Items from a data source
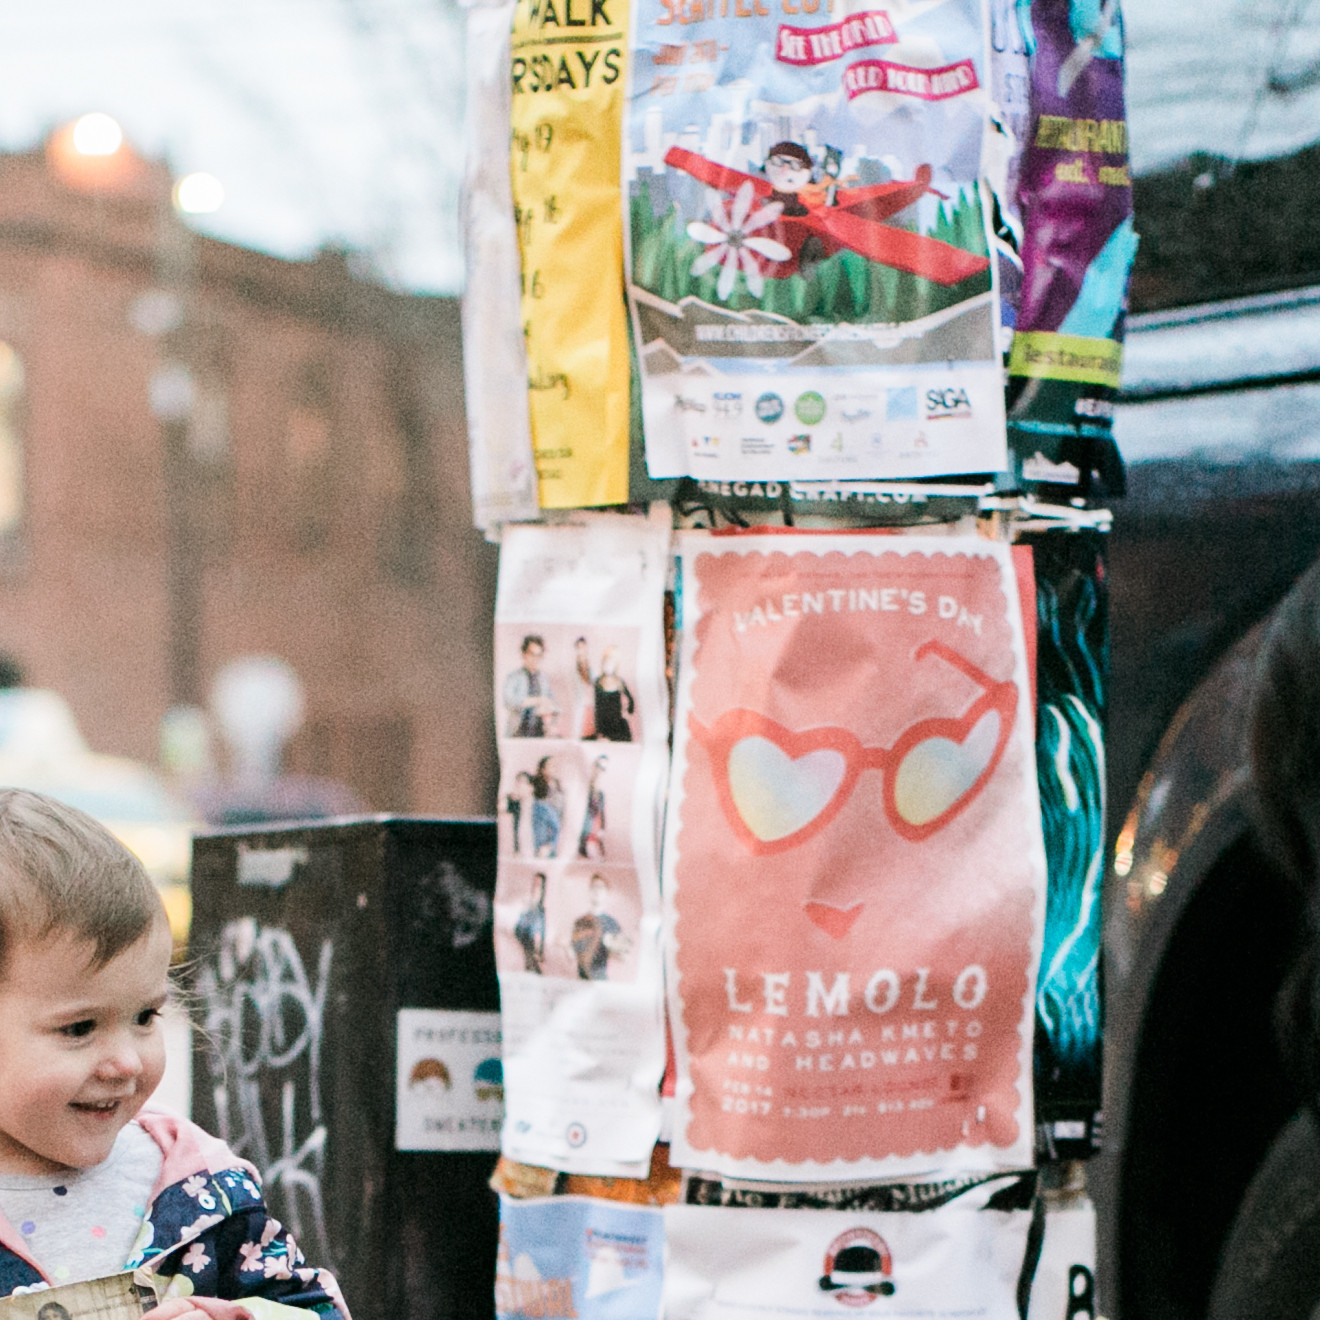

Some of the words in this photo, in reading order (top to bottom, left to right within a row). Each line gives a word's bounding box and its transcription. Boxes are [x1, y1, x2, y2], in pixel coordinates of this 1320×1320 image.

[733, 587, 927, 633] VALENTINE'S
[937, 595, 984, 635] DAY
[723, 963, 988, 1018] LEMOLO
[729, 1023, 864, 1049] NATASHA
[882, 1019, 982, 1043] KMETO
[728, 1052, 771, 1072] AND
[795, 1042, 979, 1072] HEADWAVES
[721, 1097, 773, 1116] 2017
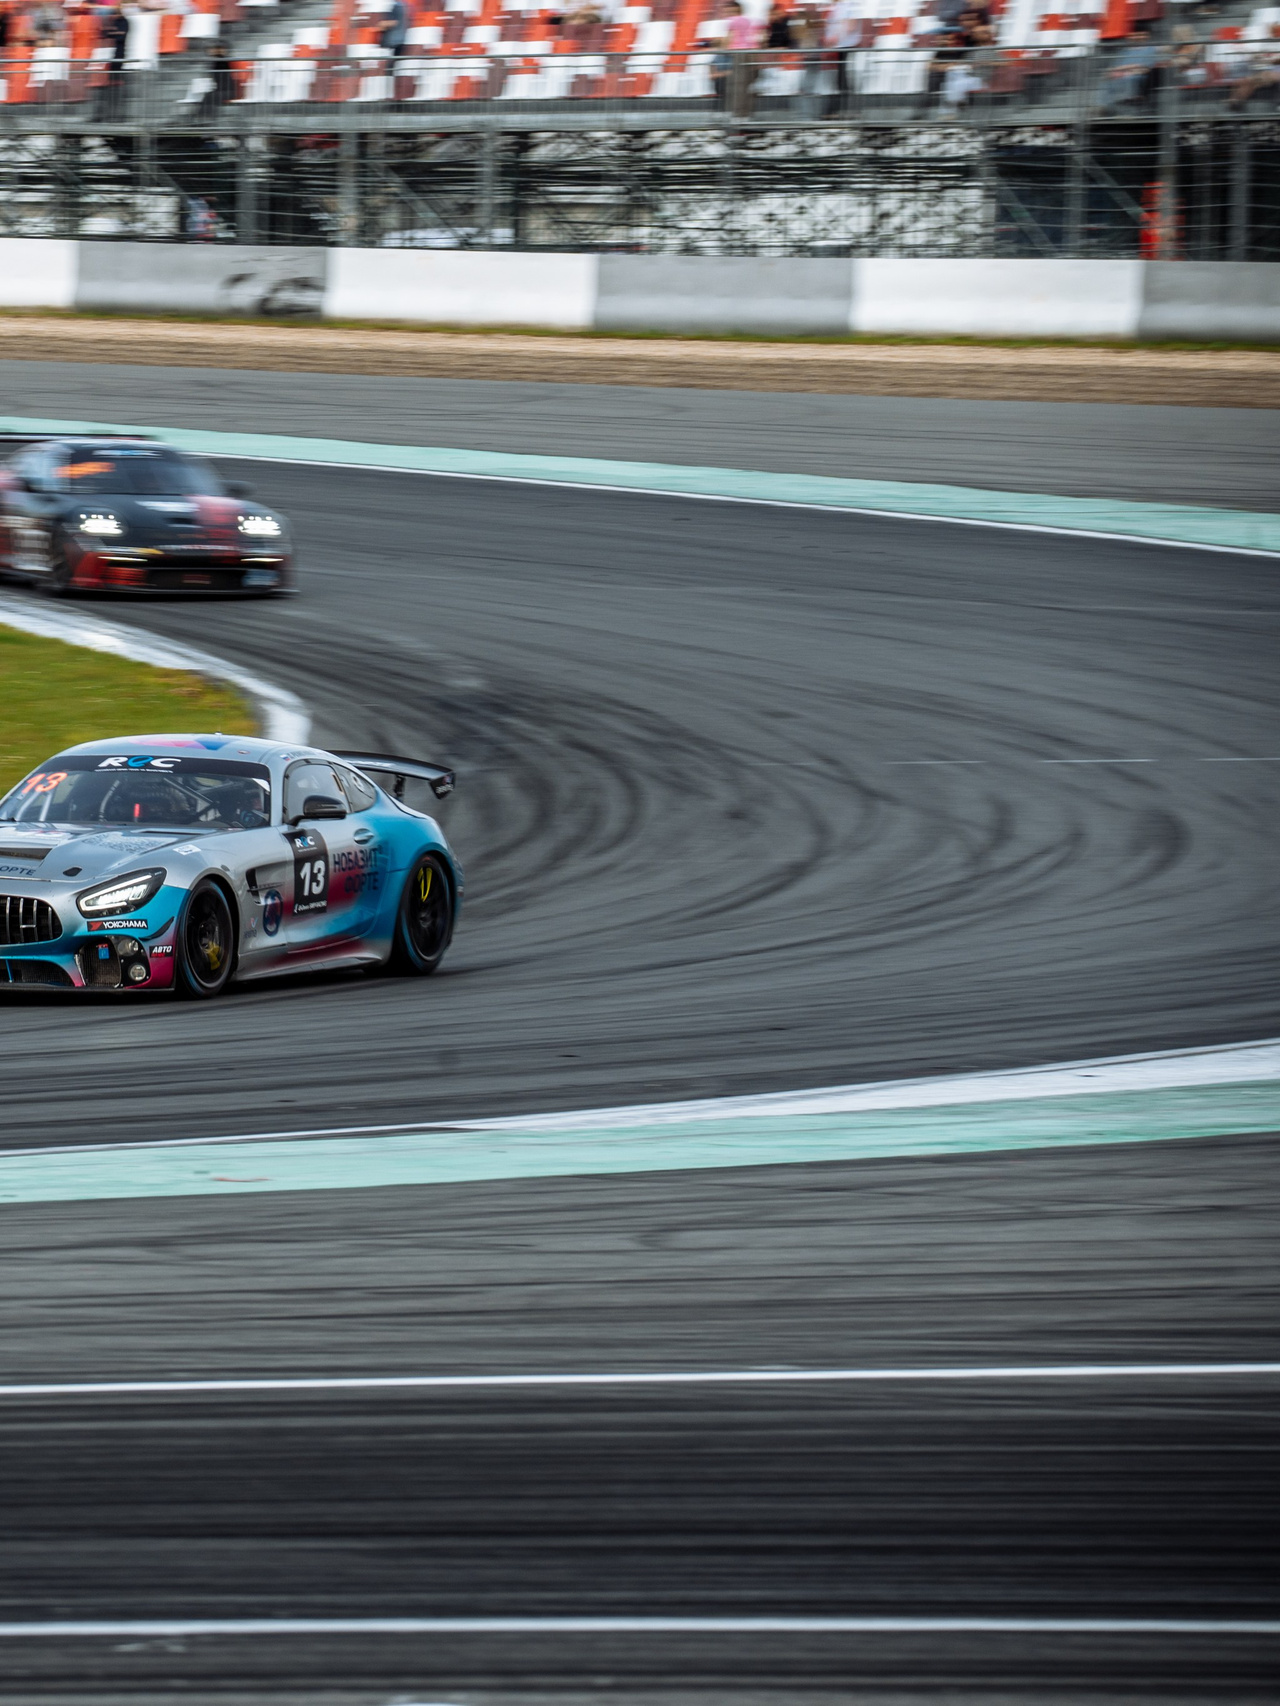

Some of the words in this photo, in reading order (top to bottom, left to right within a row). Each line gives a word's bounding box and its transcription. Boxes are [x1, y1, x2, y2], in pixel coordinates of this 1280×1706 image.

[21, 772, 68, 794] 13
[300, 860, 326, 896] 13
[344, 872, 379, 893] ФОРТЕ
[103, 920, 147, 929] YOKOHAMA

__TASK REQUIREMENTS__. Please reproduce each entry above word for word and keep the pictures out of the copy.

__WRITTEN RESPONSE__.
Some of the words in this photo, in reading order (top to bottom, left to right within a row). Each line gives a word's bounding box and its transcription. Boxes are [x1, y1, x2, y2], in pixel coordinates of this 1320×1320 image.

[733, 587, 927, 633] VALENTINE'S
[937, 595, 984, 635] DAY
[723, 963, 988, 1018] LEMOLO
[729, 1023, 864, 1049] NATASHA
[882, 1019, 982, 1043] KMETO
[728, 1052, 771, 1072] AND
[795, 1042, 979, 1072] HEADWAVES
[721, 1097, 773, 1116] 2017

Some of the words in this photo, in reading order (top to bottom, left to right within a row). Each line gives a word's bounding box and its transcription. Boxes are [x1, y1, x2, y2], in pixel coordinates of this 1280×1706 image.

[21, 772, 68, 794] 13
[300, 860, 326, 896] 13
[344, 872, 379, 893] ФОРТЕ
[103, 920, 147, 929] YOKOHAMA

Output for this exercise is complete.